Glenn Chamandy sets the record straight on the Gildan Board’s poor governance, misrepresentations to stakeholders and obsession with self-entrenchment

Glenn Chamandy sets the record straight on the Gildan Board’s poor governance, misrepresentations to stakeholders and obsession with self-entrenchment

Glenn J. Chamandy, former President and CEO and co-founder of Gildan Activewear Inc., today issued the following statement:

MONTREAL, Jan. 23, 2024 /PRNewswire/ – In light of the media attention devoted to my dismissal from Gildan Activewear Inc. (“Gildan” or the “Company”) and subsequent unfounded allegations directed my way by the Company’s board of directors, which are false, defamatory and misleading, I am left with no choice but to set the record straight.

On December 10, 2023, I was terminated without cause by the board of directors of Gildan (the “Board”). Despite my successful track record and ongoing hands-on leadership, the Board chose to terminate me in this manner without my involvement and with no basis in shareholder engagement.

This led to an immediate outcry from an impressive number of Gildan’s longstanding and sophisticated shareholders, several of whom expressed their grave concerns and protested the Board’s decision. As we all know, a significant loss in shareholder value ensued. All of this culminated in Browning West, LP’s formal requisition of a Special Meeting of Gildan’s shareholders to reconstitute the Board.

In response to such protests and the pending proxy contest, in which the Board’s conduct is squarely at issue, rather than taking corrective or remedial actions, as requested by me through my legal advisors, the Board willfully and abusively decided to orchestrate and perpetuate a systematic plan to undermine my reputation, credibility and character, even though it was their unilateral decision to terminate me on a without cause basis in the first place.

The Board’s poor governance, failed shareholder engagement, and obsession with self-entrenchment has been on full display.

Allegations relating to a so-called “ultimatum”

One of the Board’s allegations to try to retroactively justify their decision is that I would have presented the Board with an ultimatum to “[e]ither support [my]acquisition strategy and resulting succession plan, or [I] would immediately leave and sell [my]stock”, an ultimatum which I would have reiterated in the November 25 Letter. These are not the facts.

On October 31, 2023, at the request of the Board, I presented a long-range planning proposal (“LRP”) prepared by Gildan’s management team. Such a strategic planning process is typically conducted annually in the normal course of business.

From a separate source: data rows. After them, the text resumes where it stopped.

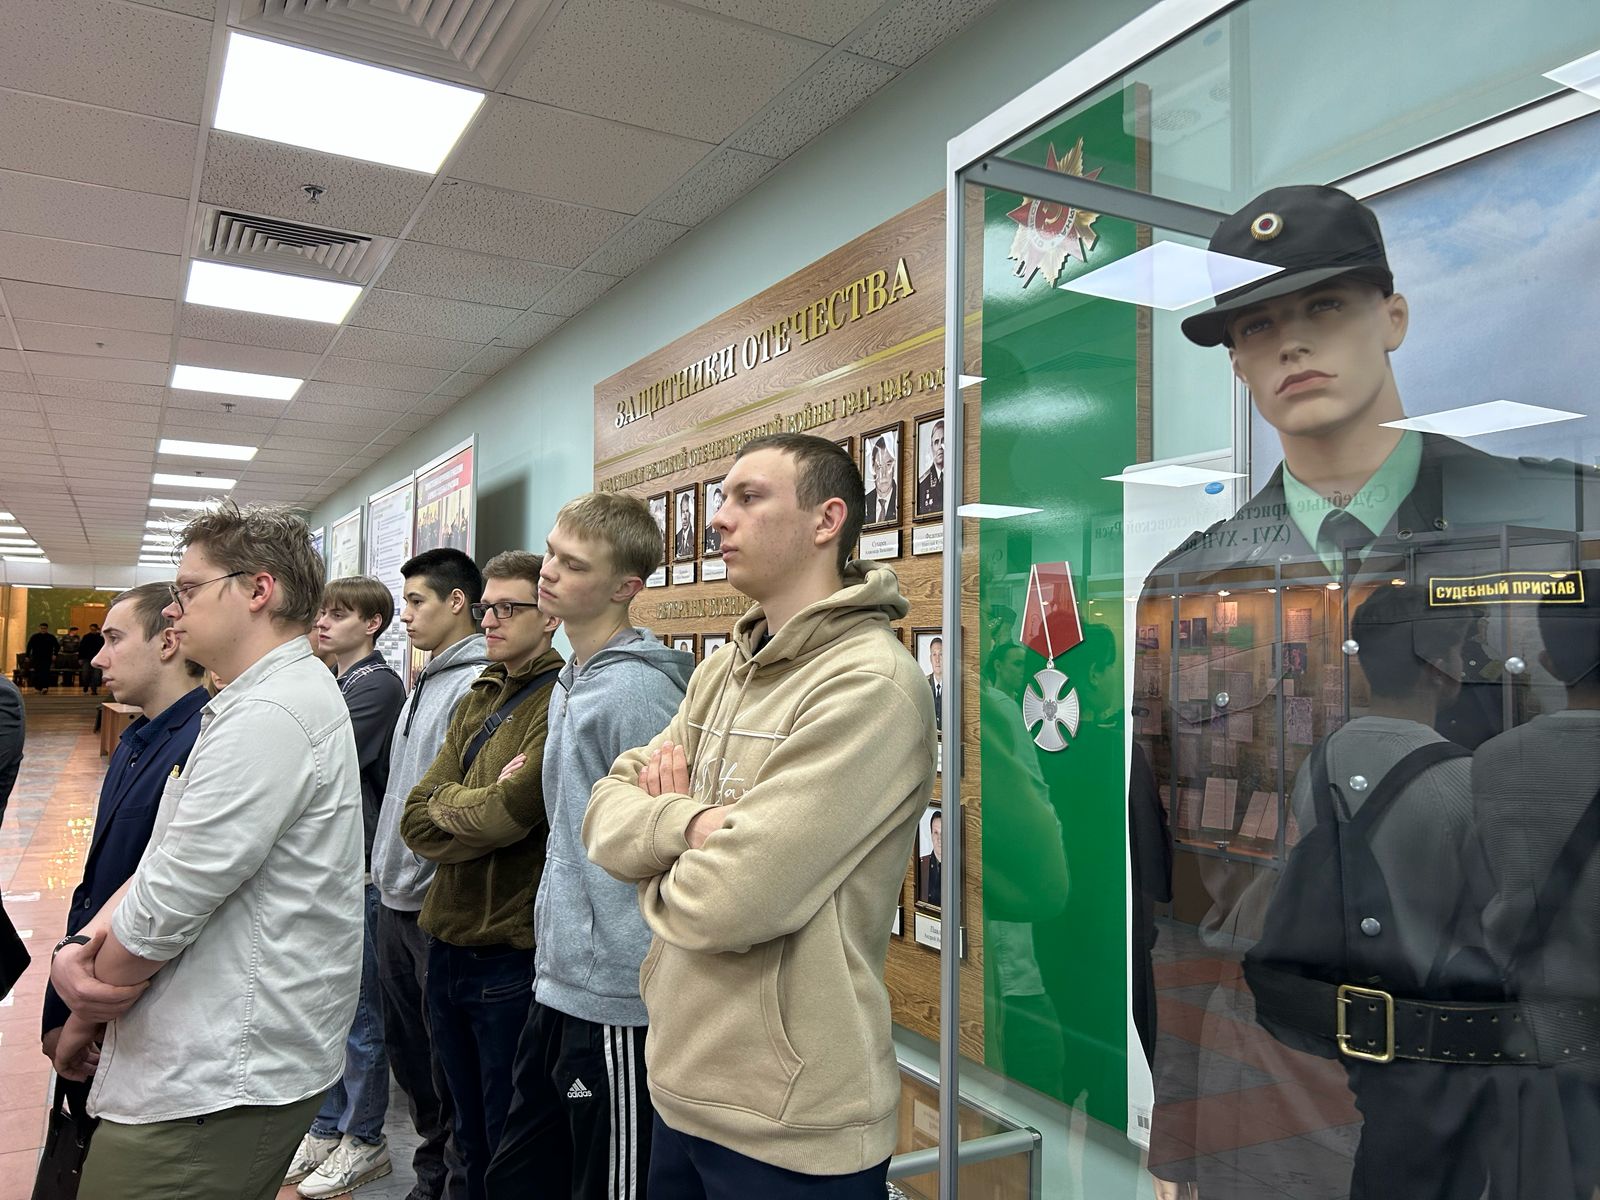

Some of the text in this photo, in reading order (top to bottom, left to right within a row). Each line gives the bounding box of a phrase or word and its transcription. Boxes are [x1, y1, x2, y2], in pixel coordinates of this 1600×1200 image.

[614, 257, 916, 428] ЗАЩИТНИКИ ОТЕЧЕСТВА
[785, 399, 837, 434] ВОЙНЫ
[841, 370, 913, 419] 1941-1945
[918, 367, 945, 392] год
[1436, 580, 1576, 599] СУДЕБНЫЙ ПРИСТАВ
[567, 1090, 593, 1098] adidas

The LRP provided material long-term organic growth driven by Gildan’s publicly disclosed growth strategy (GSG), supported by the development of Gildan’s new large-scale, state-of-the-art vertically integrated manufacturing facility in Bangladesh, as well as a new major innovation cycle across all styles and product categories launched in January 2024, which was well-endorsed by Gildan’s management team. We also reviewed several different inorganic options, which we do every year. There was never any engagement with inorganic options, and there was never any ultimatum regarding such options.

To be clear, in my November 25 letter, I did advise the Chairman in writing that it was an untenable position on the part of the Board to allow shareholders, prospective shareholders and important stakeholders to operate under the assumption that I was the continuing CEO when the determination regarding the need to terminate my employment had already been made. Gildan had just announced an excellent quarter, with excellent meetings with shareholders who were in the blind regarding the Board’s plan. I warned the Board that they were choosing a path leading to value destruction and putting the Company at risk. I demanded immediate clarity, and it is that, and only that, which could possibly have been interpreted as an ultimatum.

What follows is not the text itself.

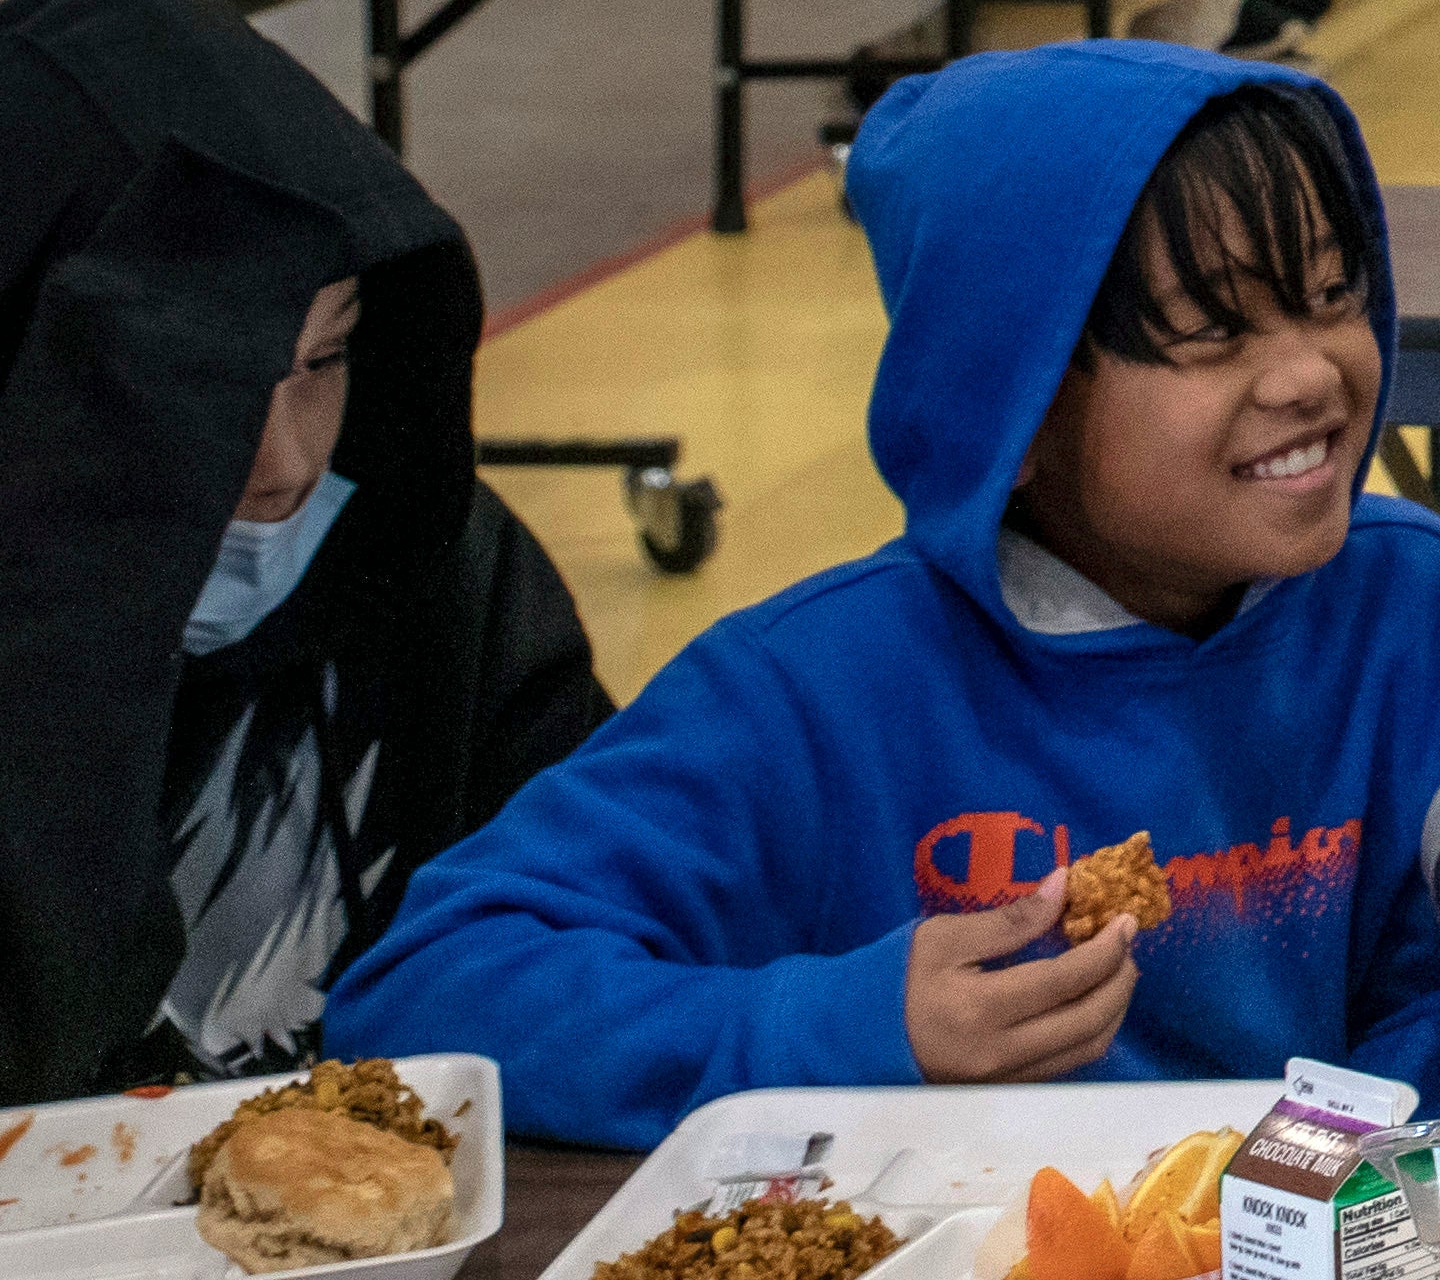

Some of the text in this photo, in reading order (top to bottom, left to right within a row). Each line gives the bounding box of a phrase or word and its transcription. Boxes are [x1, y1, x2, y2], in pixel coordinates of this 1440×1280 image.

[1249, 1138, 1346, 1178] CHOCOLATE MILK
[1343, 1195, 1402, 1223] Nutrition

Allegations of ineffective leadership and lack of engagement

The Board also made a number of unfounded and defamatory allegations that implied I was an ineffective leader who lacked engagement, which allegedly gradually eroded the Board’s trust in me over the last four (4) years. None of these allegations was ever raised with me, not even upon my termination on a without-cause basis. This also clearly contradicts the Company’s own public disclosure and compensation decisions.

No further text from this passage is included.